WORK INSTRUCTIONS:
No pictures in the copy, please: retype all the records exactly.

[Phrase grounding data]

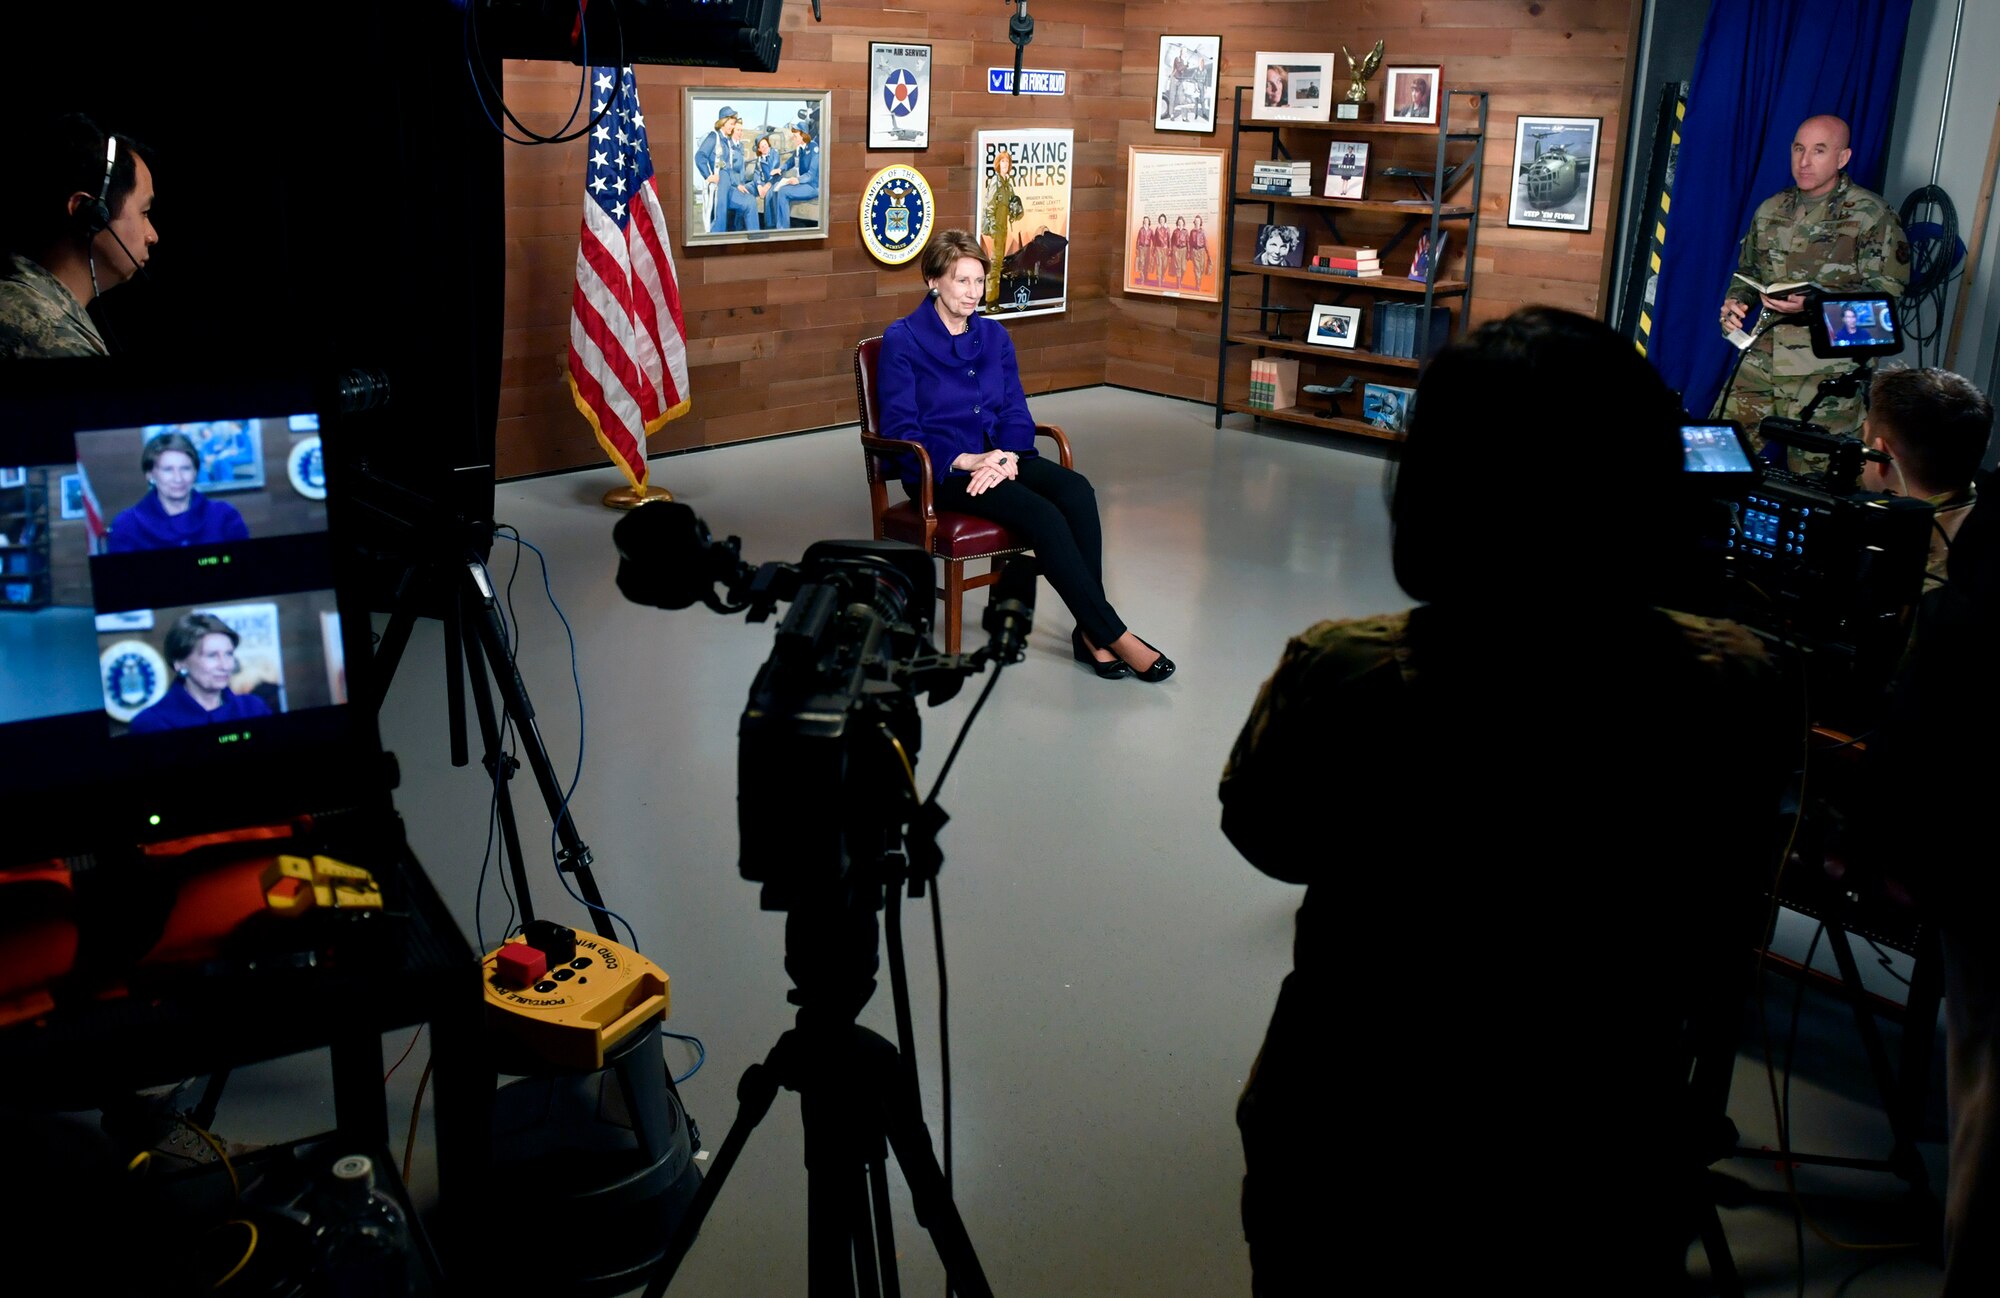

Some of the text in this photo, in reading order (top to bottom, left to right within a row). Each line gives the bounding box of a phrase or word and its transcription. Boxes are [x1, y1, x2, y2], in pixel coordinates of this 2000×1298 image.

[894, 48, 903, 56] AIR
[905, 49, 927, 57] SERVICE
[1029, 73, 1049, 91] FORCE
[1049, 74, 1063, 92] BLVD
[985, 165, 1066, 188] BRRIERS
[864, 176, 884, 231] DEPARTMENT
[888, 169, 897, 178] OF
[902, 170, 916, 181] THE
[917, 181, 927, 195] AIR
[1523, 210, 1540, 218] KEEP
[1554, 212, 1576, 221] FLYING
[883, 251, 897, 260] STATES
[1017, 293, 1027, 305] 70
[575, 939, 618, 969] CORD WIN
[507, 993, 565, 1006] PORTABLE

FINAL ANSWER:
Some of the text in this photo, in reading order (top to bottom, left to right within a row). Each line gives the bounding box of a phrase or word and its transcription. Boxes are [x1, y1, x2, y2], in pixel coordinates of this 2000×1298 image.

[894, 48, 903, 56] AIR
[905, 49, 927, 57] SERVICE
[1029, 73, 1049, 91] FORCE
[1049, 74, 1063, 92] BLVD
[985, 165, 1066, 188] BRRIERS
[864, 176, 884, 231] DEPARTMENT
[888, 169, 897, 178] OF
[902, 170, 916, 181] THE
[917, 181, 927, 195] AIR
[1523, 210, 1540, 218] KEEP
[1554, 212, 1576, 221] FLYING
[883, 251, 897, 260] STATES
[1017, 293, 1027, 305] 70
[575, 939, 618, 969] CORD WIN
[507, 993, 565, 1006] PORTABLE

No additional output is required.